To compare the clinical course of patients with concomitant posterior urethral valve (PUV) and anterior urethral valve (AUV) vs those with AUV alone, to know if associated PUV increases morbidity. Retrospective review of 24 AUV patients (2002-2018). Results were compared between boys with both PUV and AUV (Group A) vs AUV alone (Group B). Symptoms started from birth (n=6)/2 mths age (n=1) [group A]; birth (n=10)/2 mths–9 yr age (median 1 yr 3 mo) (n=7) [group B]. Most common symptom: poor urinary stream, dribbling. Age at presentation to us: 11dy-12yrs with blood Urea (mg/dL) A: 17-194 (median 23), B: 11-108 (median 23) Creatinine (mg/dL): A: 0.38-13.6 (median 0.7), B: 0.2 – 2.2 (median 0.65). Previously undergone circumcision (n=1), urethral dilatation (n=2), internal urethrotomy (n=1), PUV fulguration (n=2). Urethral diverticulum present in A: 4 (57.1%), B: 9 (52.9%). Valve location: between Bulbar/proximal penile urethra junction, Proximal/mid-penile urethra junction & Distal penile urethra: A: 4 (57.1%),3 (42.9%), 0 and B: 9 (52.9%), 1 (5.9%), 7 (41.2%) respectively. Renal function [nuclear scan] showed bilateral normal, bilateral impaired, unilateral non/ poorly functioning A: 4 (57.1% with bil slow drainage in 2), 2 (28.6%), 1 (14.3%) and B: 10 [58.9% with bil VUR (1),L II VUR(1)], 0, 7 (41.2%) respectively. Patients underwent fulguration and/or urethroplasty/diverticulum excision. Follow up: 6 mo-15 years. Total procedures specifically for valves 31 (average 1.4/patient) and overall 47 interventions (average 1.95/patient) including nephroureterectomy etc. Follow up: Although stream normalized in all, 3 required urinary diversion (A: n=2; B: n=1). Renal failure: A: 2 (28.6%), B: 1 (5.9%) (with associated urethral duplication) Bladder instability: A: 3 (42.9%), B: 6 (35.3%).

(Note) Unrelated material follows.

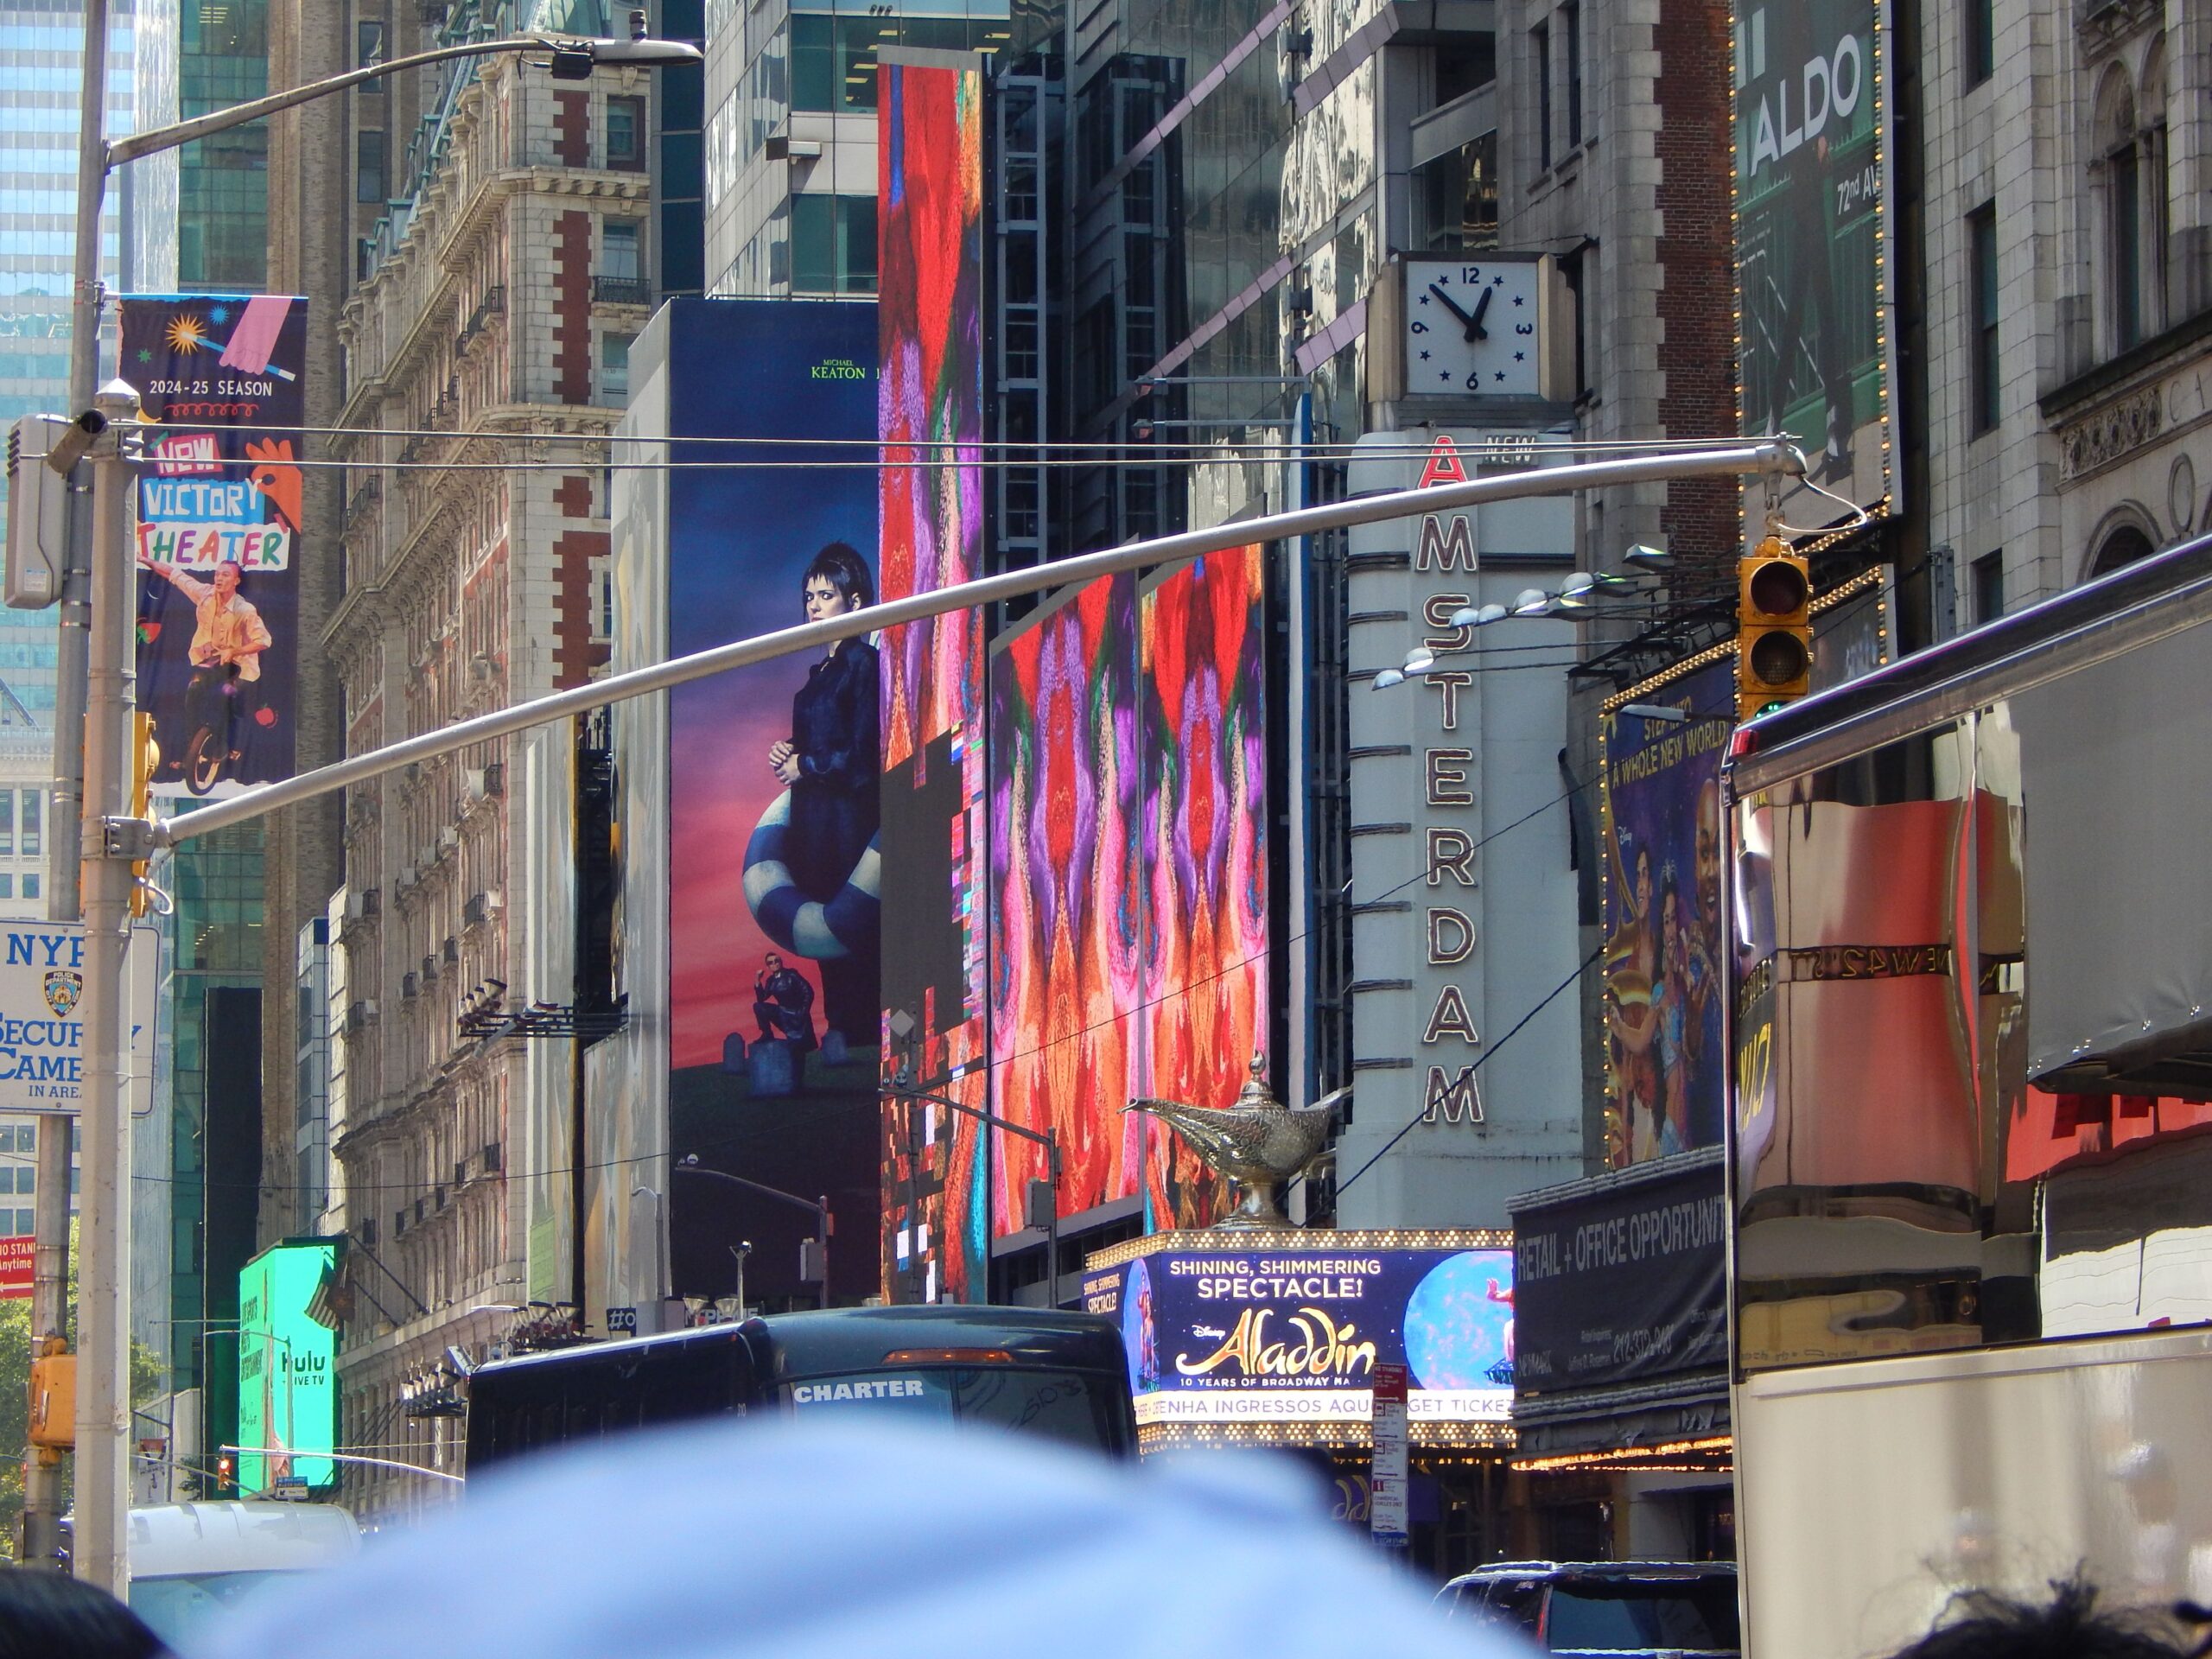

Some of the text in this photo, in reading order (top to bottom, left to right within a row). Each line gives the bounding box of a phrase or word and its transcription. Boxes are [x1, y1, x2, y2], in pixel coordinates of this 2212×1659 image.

Unless there is a visible swelling, there is a delay in diagnosis and referral to pediatric urologists in boys with AUV in spite of a majority being symptomatic since birth. Valve location in distal urethra is more common in isolated AUV. Patients with associated PUV presented earlier and had higher morbidity. All AUV patients need long term follow up.